Ma «vie passée» de Ponticaude ou chronique de la gentrification d’un quartier.

J’habitais au 17 rue du Clos Ste Marie, 1er volet sur la cour arrière, pommes de pin clouées sur les rebords de fenêtre. La cour arrière, cimetière de mes poissons rouges mais aussi ouverture du monde «ponticaud»: les ruelles, mon monde ponticaud.

A mon sens, il s’agit principalement de la définition de la vie Ponticaude : les maisons étroites et les ruelles, espace rêvé et lié à imaginaire géographique des enfants : jouer au loup, débouler dans les ruelles en courant, passer dans les jardins, entrer dans les maisons, récupérer du chocolat blanc chez la voisine, passer dans le tunnel du 16 en faisant hurler la voisine pour la 15e fois de la journée, donner à boire aux chats qui trainent, passer voir si les copains sont là ...

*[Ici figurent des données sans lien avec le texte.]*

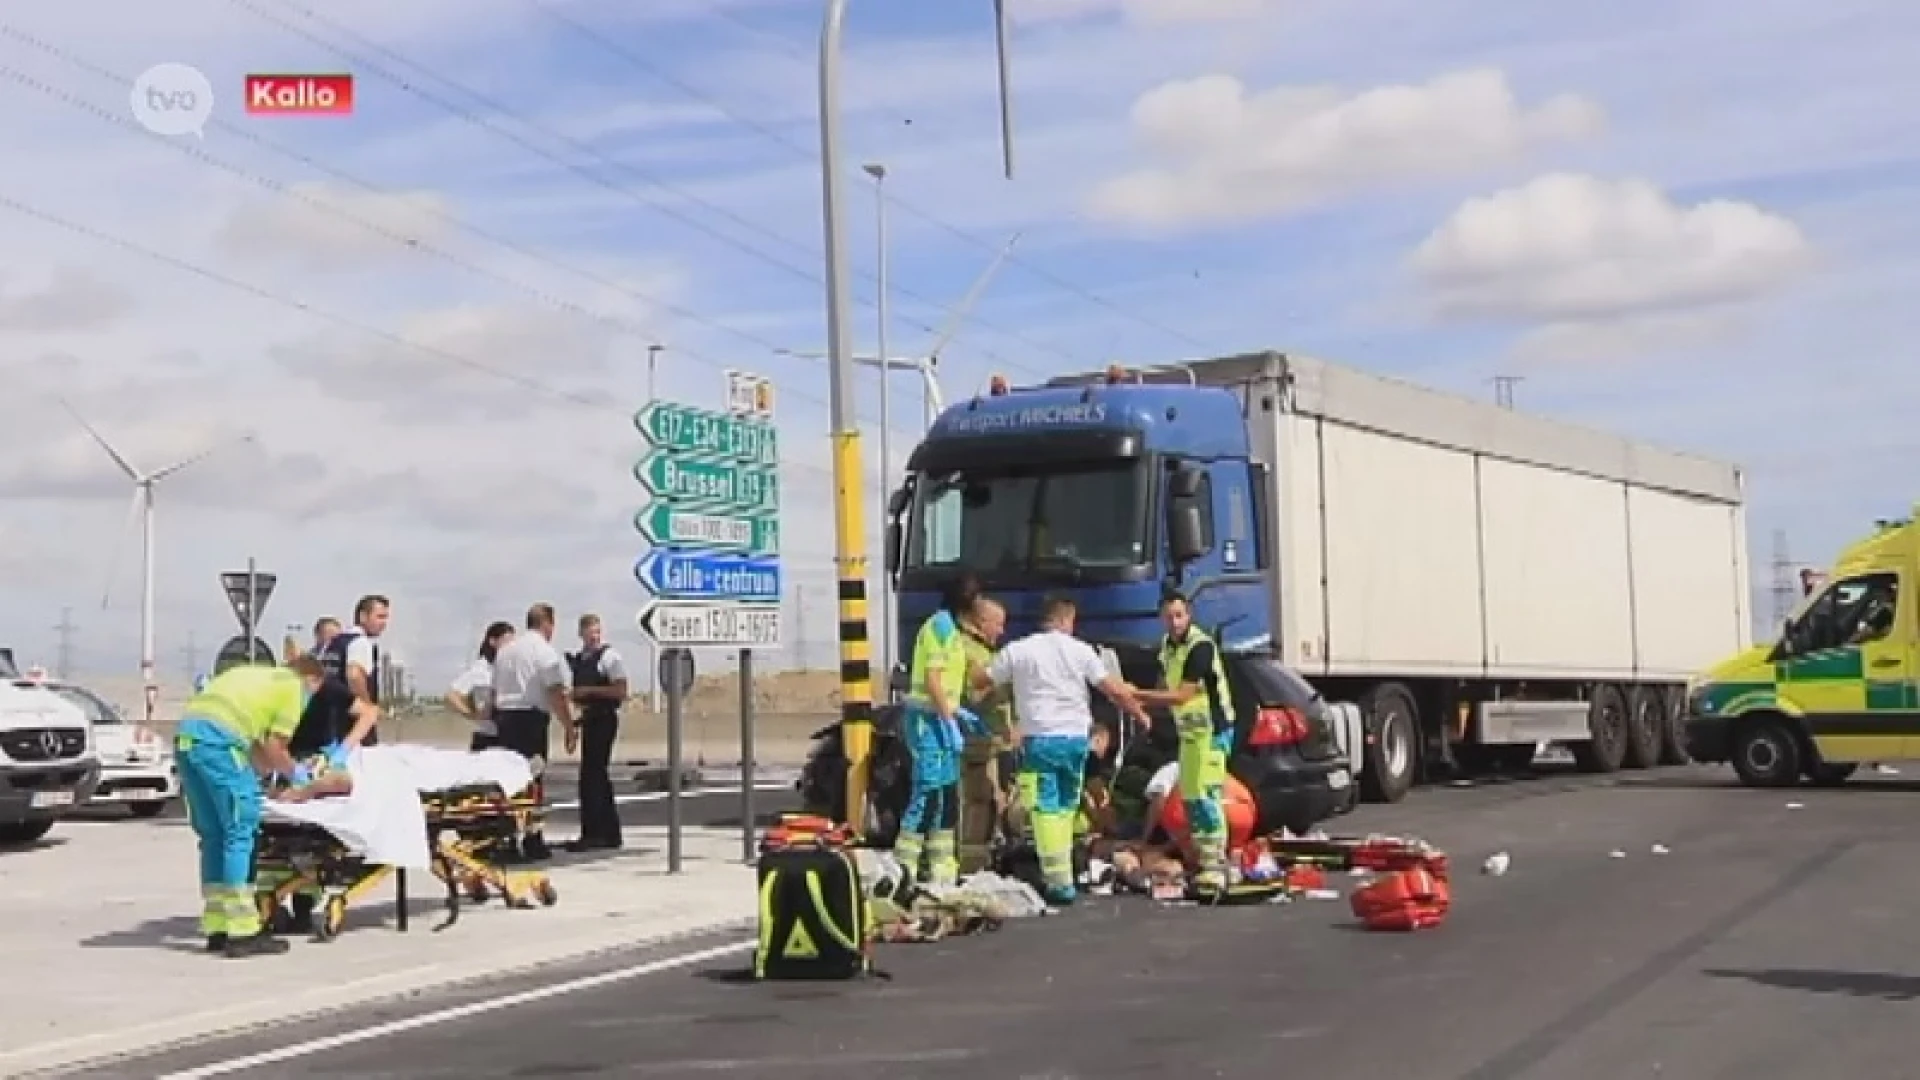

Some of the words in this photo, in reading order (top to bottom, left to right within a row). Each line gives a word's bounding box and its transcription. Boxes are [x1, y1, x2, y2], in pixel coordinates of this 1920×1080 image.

[665, 459, 734, 500] Brussel
[662, 559, 777, 595] Kallo-centrum
[660, 609, 703, 638] Haven

Le deuxième monde c’est « devant »: la Vienne. Et on est tous des fils et filles de la rivière : on est tous montés dans des barques, on a tous péché à la ligne le dimanche lors des concours de pêche dominicaux (on va pas à la messe, nous le dimanche...on pêche ), on est tous tombés au moins une fois dans l’eau, et on a tous connu les inondations : plutôt rigolotes, les plus « dévastatrices » ont du inonder la maison de 15 cm, pas plus... en tout cas pas assez pour échapper à l’école !! On marche sur des planches, on met les bottes, mais on va à l’école, en pantoufle, sans cartable, mais on va à l’école. L’école de quartier, l’école des carriers.

Une fois par an, c’est la fête des ponts, l’autorisation de voir les copains sans couvre feu pendant que les parents préparent les sandwichs... La liberté.

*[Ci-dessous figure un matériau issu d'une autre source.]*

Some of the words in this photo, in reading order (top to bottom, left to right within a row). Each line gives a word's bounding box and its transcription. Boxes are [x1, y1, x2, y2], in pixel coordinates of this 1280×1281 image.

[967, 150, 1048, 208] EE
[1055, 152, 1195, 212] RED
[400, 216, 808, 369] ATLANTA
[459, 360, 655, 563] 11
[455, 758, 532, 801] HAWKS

Et puis y a aussi les manifs, c’est une institution la politique, c’est comme la pêche... Notre messe à nous. C’est notre sortie en ville, une manière de « monter en ville ». Petite, je fais toutes les manifs; c’est comme une réunion conviviale, un moment ou on se retrouve tous, unis pour une même cause, entre Ponticauds, entre voisins.

Je définirai ce quartier comme un grand terrain de jeux, d’insouciance et de liberté, avec une solidarité présente, un espace identitaire très marqué avec un sentiment d’appartenance prégnant. J’ajoute le sentiment de sécurité, d’entre-aide, de protection entre les habitants. Les gamins trainent «devant», sur la route encore en terre, ou «derrière» dans les ruelles, entre les maisons qui s’écroulent et celles qui se construisent.

On connait les vieux du quartiers, les anciens ponticauds, qui disparaissent peu à peu... emportant avec eux leur mémoire ouvrière et identitaire...

A 12 ans nous déménageons, pour rester ponticauds, mais coté Auzette, rien à voir avec le coté Pont St Etienne, l’identité du quartier est là, mais de manière moins vivante, plus lisse, conséquence spatiale du fait qu’il n’y ai pas de « derrière »: pas de ruelles tortueuses comme lieu de socialisation.

La maison sombre du 17 aux escaliers pentus devient étroite, bien qu’à la base il s’agisse en fait de deux maisons reliées entre elles: en témoigne le passage au-dessus de l’escalier, qui comporte une fenêtre, en plein cœur de la maison. Je ne connais pas plus que sa l’histoire de cette maison, cependant j’ai rêvé pendant des années qu’on y cachait des Juifs, et j’ai eu connaissance d’histoires semblables dans le quartier des années plus tard...

Aujourd'hui la maison, à l’image du quartier, à été rénovée. Lorsque je passe devant, la boite aux lettres n’est plus creusée à même le mur et il semble qu’on ai installé un bel escalier en colimaçon au sein de la maison, je pense d’ailleurs que ce qui faisait la valeur patrimoniale (fenêtre) de la maison a été détruit...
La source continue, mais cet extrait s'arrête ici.